Ask a Historian: Tariffs at Active History

 


Active History has been active in recent days, by offering a set of backgrounders on tariffs.  The material came from a roundtable on tariffs at Bishop's University last month.  Good to see both the university and Active History responding so promptly to an urgent need for informed explanations on this once-again current topic.

Tariffs were a big deal in the 19th century, when countries mostly did not have sophisticated tax collection systems, it was easier to fund governments by imposing some tariffs. In that time, tariff were either called "revenue" tariffs (if they were simply to fund government spending) or "protective tariffs" (if intended to support local producers by making imported goods more expensive. 

The third entry in the series makes the point that even as national taxation systems developed (enormously) most countries continued to levy tariffs for protective reasons until after the Second World War, when a broad movement to reduce tariffs led to their near eliminations in global trade.  The general understanding was that trade was a good thing, and also that taxes were a much more fair way to fund governments than tariffs could ever be. 

The organization that managed the tariffs eliminations from the 1940s to the 1960s was so successful that it had to abandon its name -- the General Agreement on Tariffs and Trade, or GATT -- and become the World Trade Organization.

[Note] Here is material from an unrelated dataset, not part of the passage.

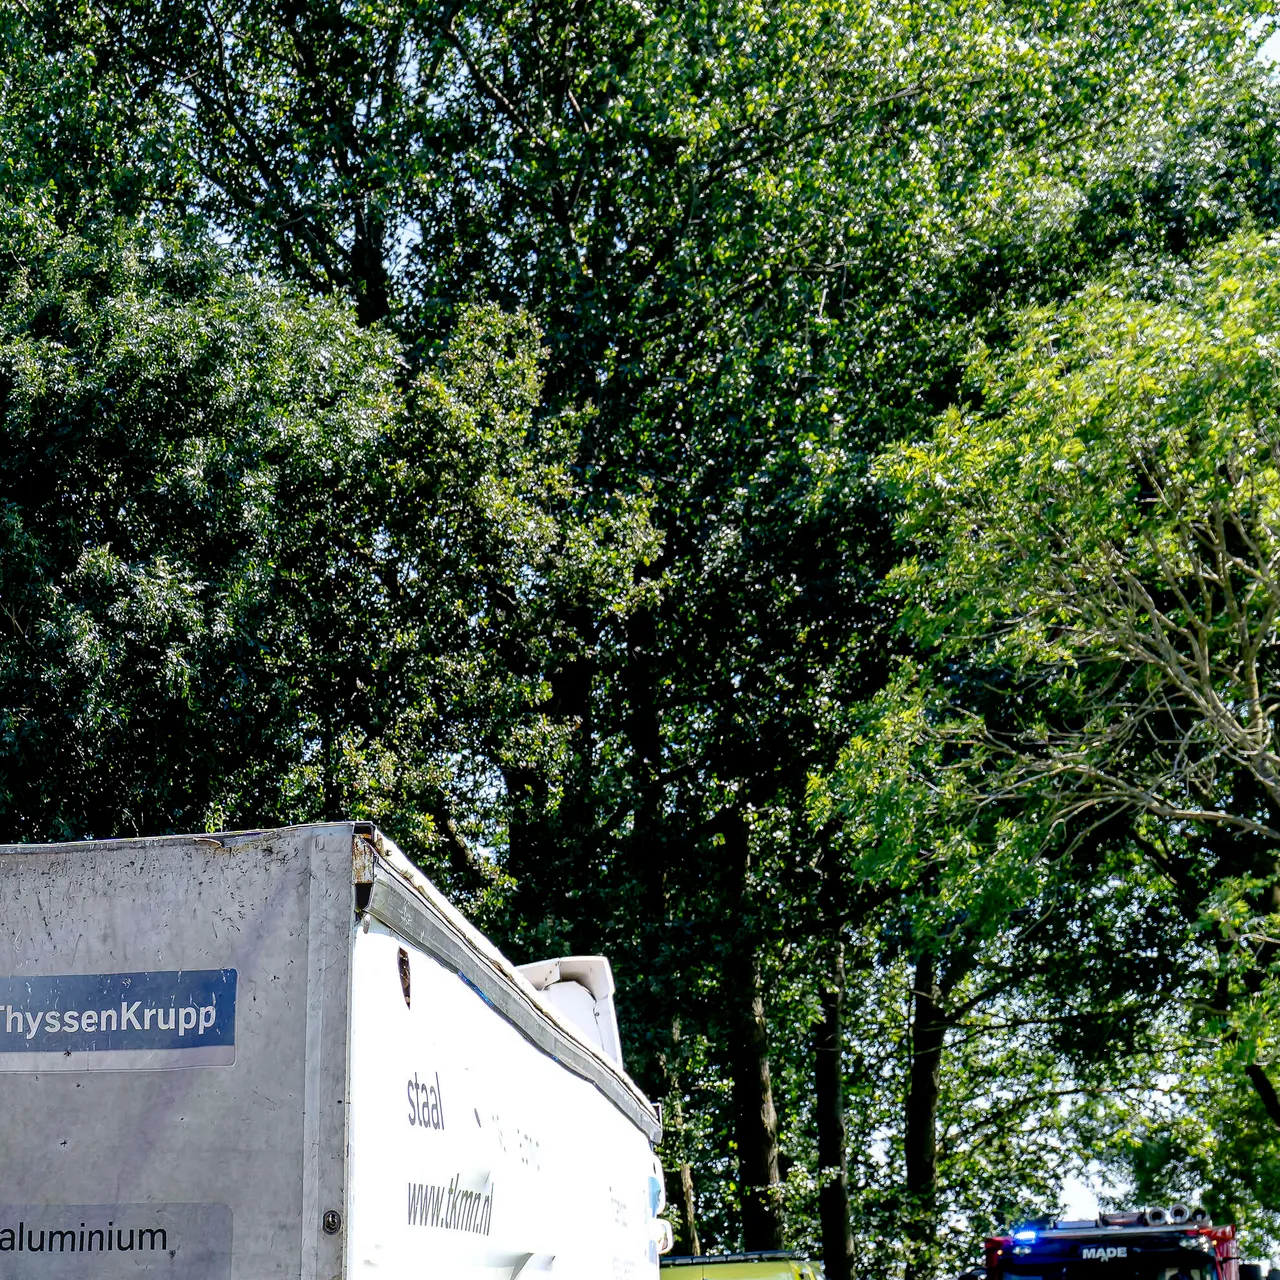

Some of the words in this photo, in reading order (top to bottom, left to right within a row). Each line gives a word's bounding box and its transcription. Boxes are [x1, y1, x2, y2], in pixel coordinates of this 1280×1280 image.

[406, 1071, 445, 1131] staal
[407, 1172, 495, 1236] www.tkmn.nl
[1082, 1246, 1128, 1260] MADE

The Canada-US free trade agreement of 1988 hardly reduced tariffs at all, because there were few tariff remaining in place; "free trade" in 1988 was mostly about reducing trade-inhibiting laws and regulations by governments -- that is, fixing in place the neo-liberal view that the place of governments in regulating the economy should be reduced as much as possible. 

Here's the first one by Heather McKeen-Edwards. 

And the second one by Gordon Barker.  

And the third one by Gilbert Gagne.

I'm trying not to repost every single story about newly stupid and cruel things being done by the Trumpazoid fanatics in Washington DC, but here's one if you want to laugh and cry at once.  It's from the AmHist blog, Lawyers Guns and Money.

Tuesday, March 18, 2025

Remembering Academic Freedom in the United States

Reported on Bluesky:

So Northwestern University, an institution with a $14.3 billion endowment, pulled support for the 2026 Berkshire Conference on the History of Women, Genders, and Sexualities (the “Big Berks”), forcing the organization to cancel the meeting. Such cowardice on Northwestern’s part.  

Apparently the Board of Governors of Northwestern University has announced the university can no longer host a conference of women historians, given the political situation in the United States of America. 

Apparently no other potential host site can or will step up to take its place. As a result, the Berkshire Conference of Women Historians has cancelled the 2026 session of its triennial "Big Berks' conference, a huge event that has brought together women historians of all topics and backgrounds since the 1930s. 

It was usually held in the eastern US but gathered in Toronto about ten years ago, where if I recall correctly it was directed by Franca Iacovetta of the University of Toronto.